Furthermore, we discovered the hard way that the presence of the float ball does not stop it from being “run over” by other boats moving through an anchorage. We had that happen twice in the year of our “proof-of-concept” trial. Once in Georgetown, SC, a sail boat came through the anchorage looking for a spot; 15h00 on a sunny afternoon. The person on the bow was fully occupied sorting out his ground tackle, not at all focused on keeping a lookout. The helms-woman probably could not see our red float ball from her cockpit helm station. Poof, they ran over our float. On another occasion in South Florida, we were preparing to depart our anchorage, just before dawn, in pre-dawn low light. A neighboring boat was a few minutes ahead of us with their departure preparations. When they motored out of the anchorage, they ran over our float. Fortunately for us, neither of those incidents snagged our float or unset our anchor. But no matter our good fortune, had they snagged our float, we would have been the worse for their inattention.

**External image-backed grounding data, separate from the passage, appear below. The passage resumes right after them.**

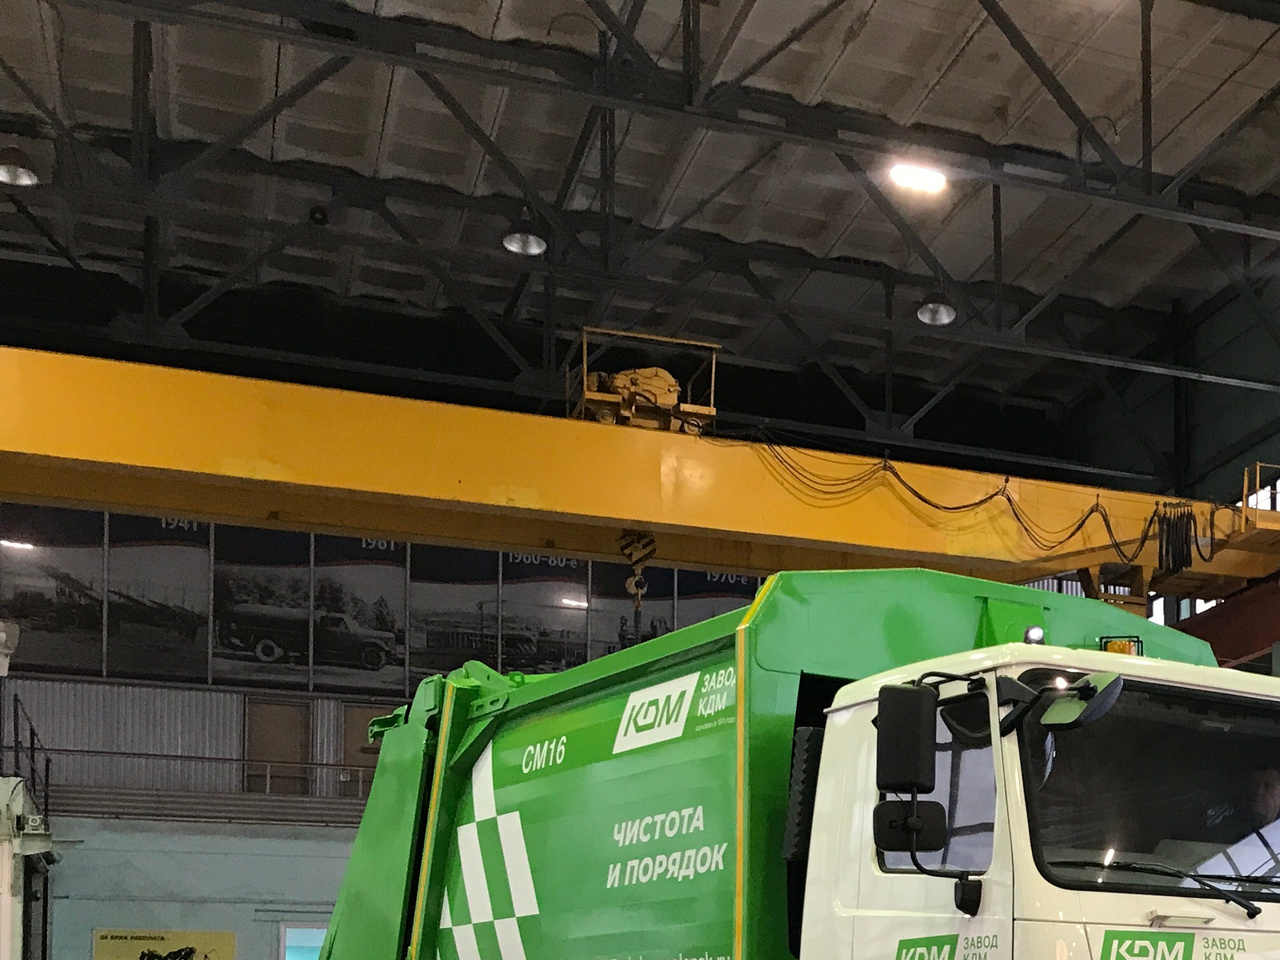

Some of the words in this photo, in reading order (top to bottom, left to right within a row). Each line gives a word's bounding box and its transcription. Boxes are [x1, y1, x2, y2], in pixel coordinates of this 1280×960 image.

[697, 691, 728, 718] КДМ
[613, 805, 705, 848] ЧИСТОТА
[606, 862, 622, 889] И
[624, 842, 729, 886] ПОРЯДОК
[963, 934, 999, 950] ЗАВОД
[1202, 937, 1247, 953] ЗАВОД
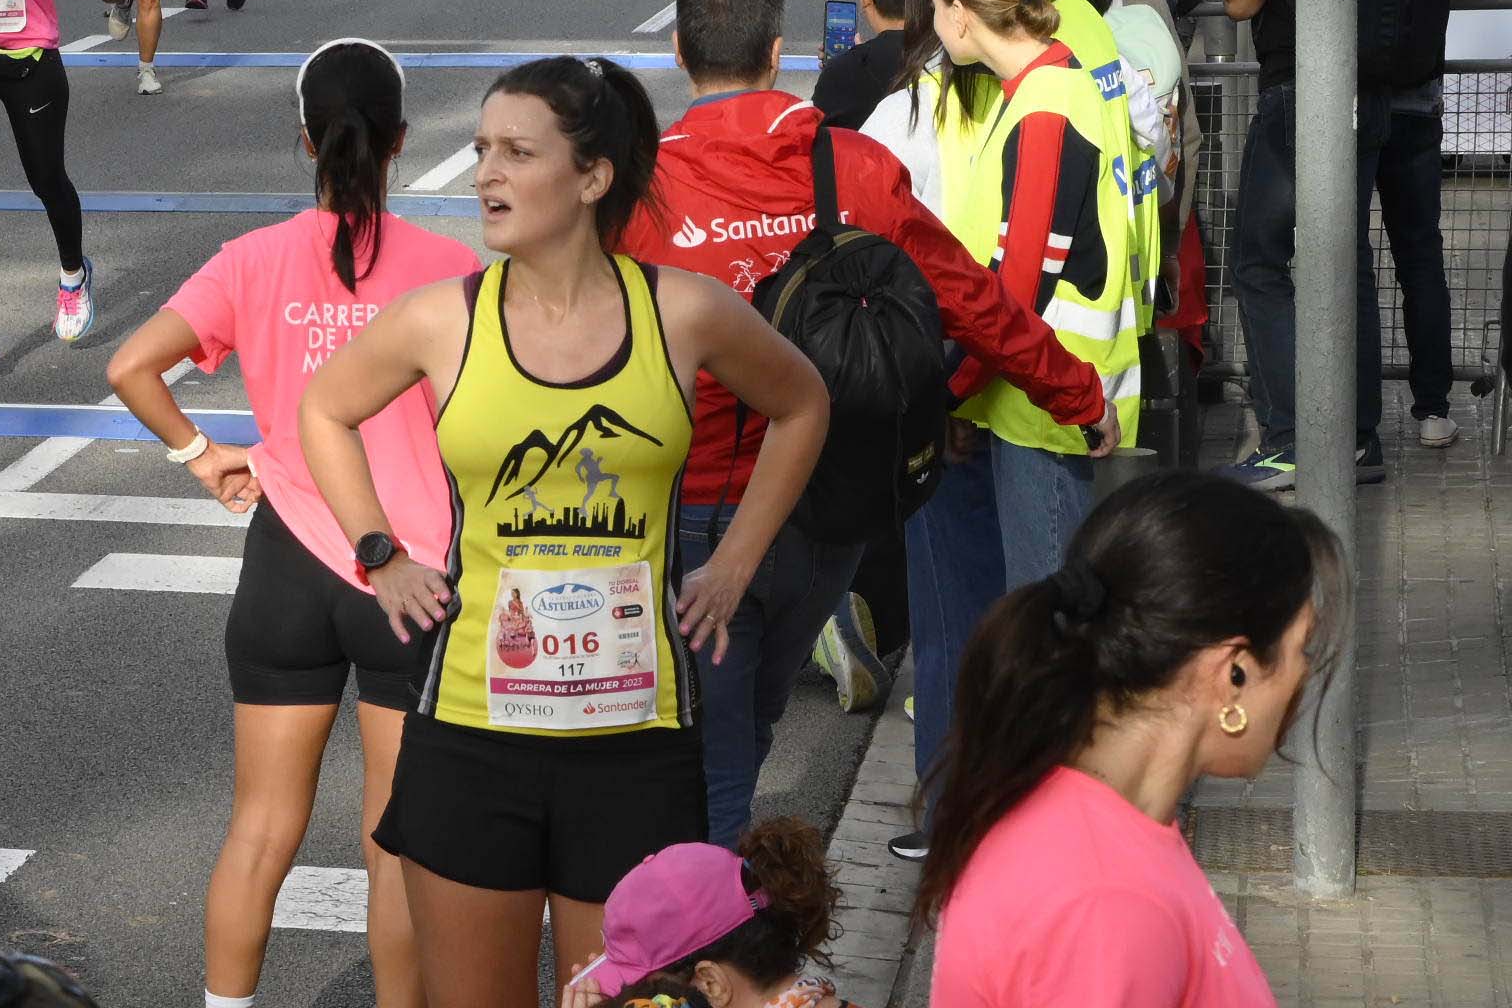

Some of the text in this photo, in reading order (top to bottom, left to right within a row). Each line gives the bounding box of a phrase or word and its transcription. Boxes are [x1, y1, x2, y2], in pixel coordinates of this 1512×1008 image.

[712, 209, 848, 244] Santanr
[284, 302, 380, 327] CARRER
[308, 327, 336, 350] DE
[505, 543, 622, 558] BCN TRAIL RUNNER
[609, 585, 640, 595] SUMA
[538, 598, 600, 612] ASTURIANA
[542, 631, 600, 656] 016
[558, 663, 585, 677] 117
[507, 678, 643, 693] CARRERA DE LA MUJER 2023
[504, 702, 554, 717] OYSHO
[597, 700, 648, 715] Santander

So, it’s only some of the time – probably a relatively small percentage of time – that having a tripline float is actually helpful to others in understanding our true swing circle.
I do not like lying over another boat’s rode and I work very hard to avoid that. I think most boaters feel that we’d be way too close to them if we were lying over their rode. I would not want another boat to swing over our tripline ball, because of course, that risks unsetting our anchor.

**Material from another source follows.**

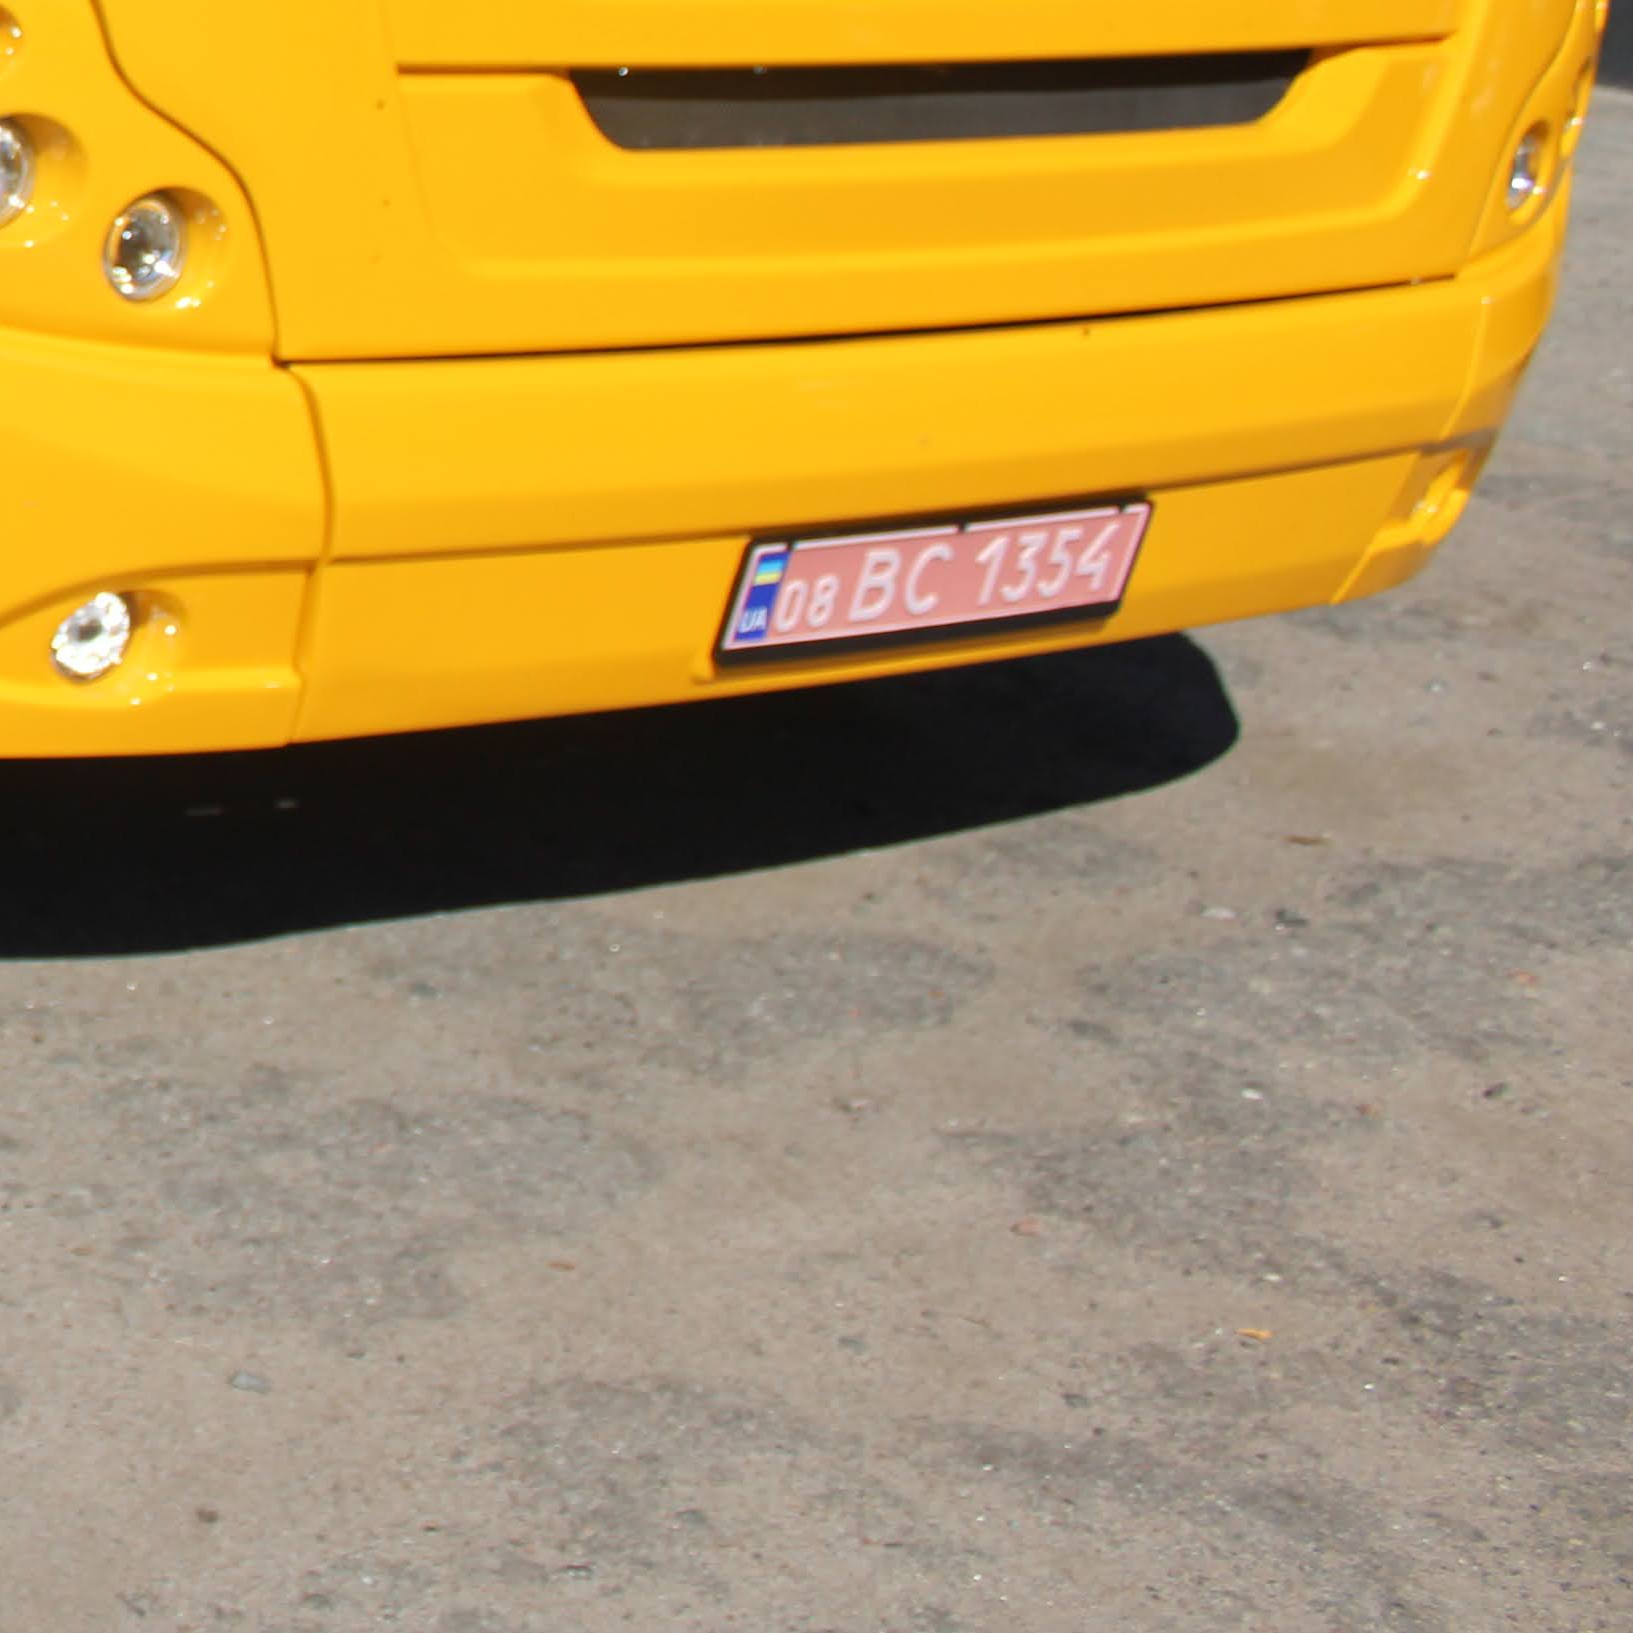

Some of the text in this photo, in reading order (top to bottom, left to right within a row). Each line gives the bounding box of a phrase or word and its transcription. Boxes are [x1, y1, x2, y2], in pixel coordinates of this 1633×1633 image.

[774, 520, 1122, 632] 08 BC 1354
[737, 605, 767, 634] UA

So it is true that a tripline float can reliably mark the position of the anchor in the sea bed. Whether that is helpful to me or others is less clear to me. There are times when it may help, other times when it does not. The real key to seamanship in anchoring is to honor the location of boats that are already settled in the anchorage. Stay an appropriate and suitable distance away from others in anticipation of the possibility of fast changing wind and weather conditions. That decision requires seamanship skills, forethought and high value of personal courtesy to strangers. Sometimes, it means moving on, which we do if we can’t be certain we have safe swing room. After all, a t’storm in the middle of an otherwise calm overnight changes all appearances and risk assumptions. If a t’storm were to move through when the tripline float is snagged under the swim platform, that could easily become a perfect storm of undesirable coincidence and unwelcome outcome.
Conclusion: I gave up on using the the trip line. Ultimately, I decided the benefits weren’t worthy of the risks.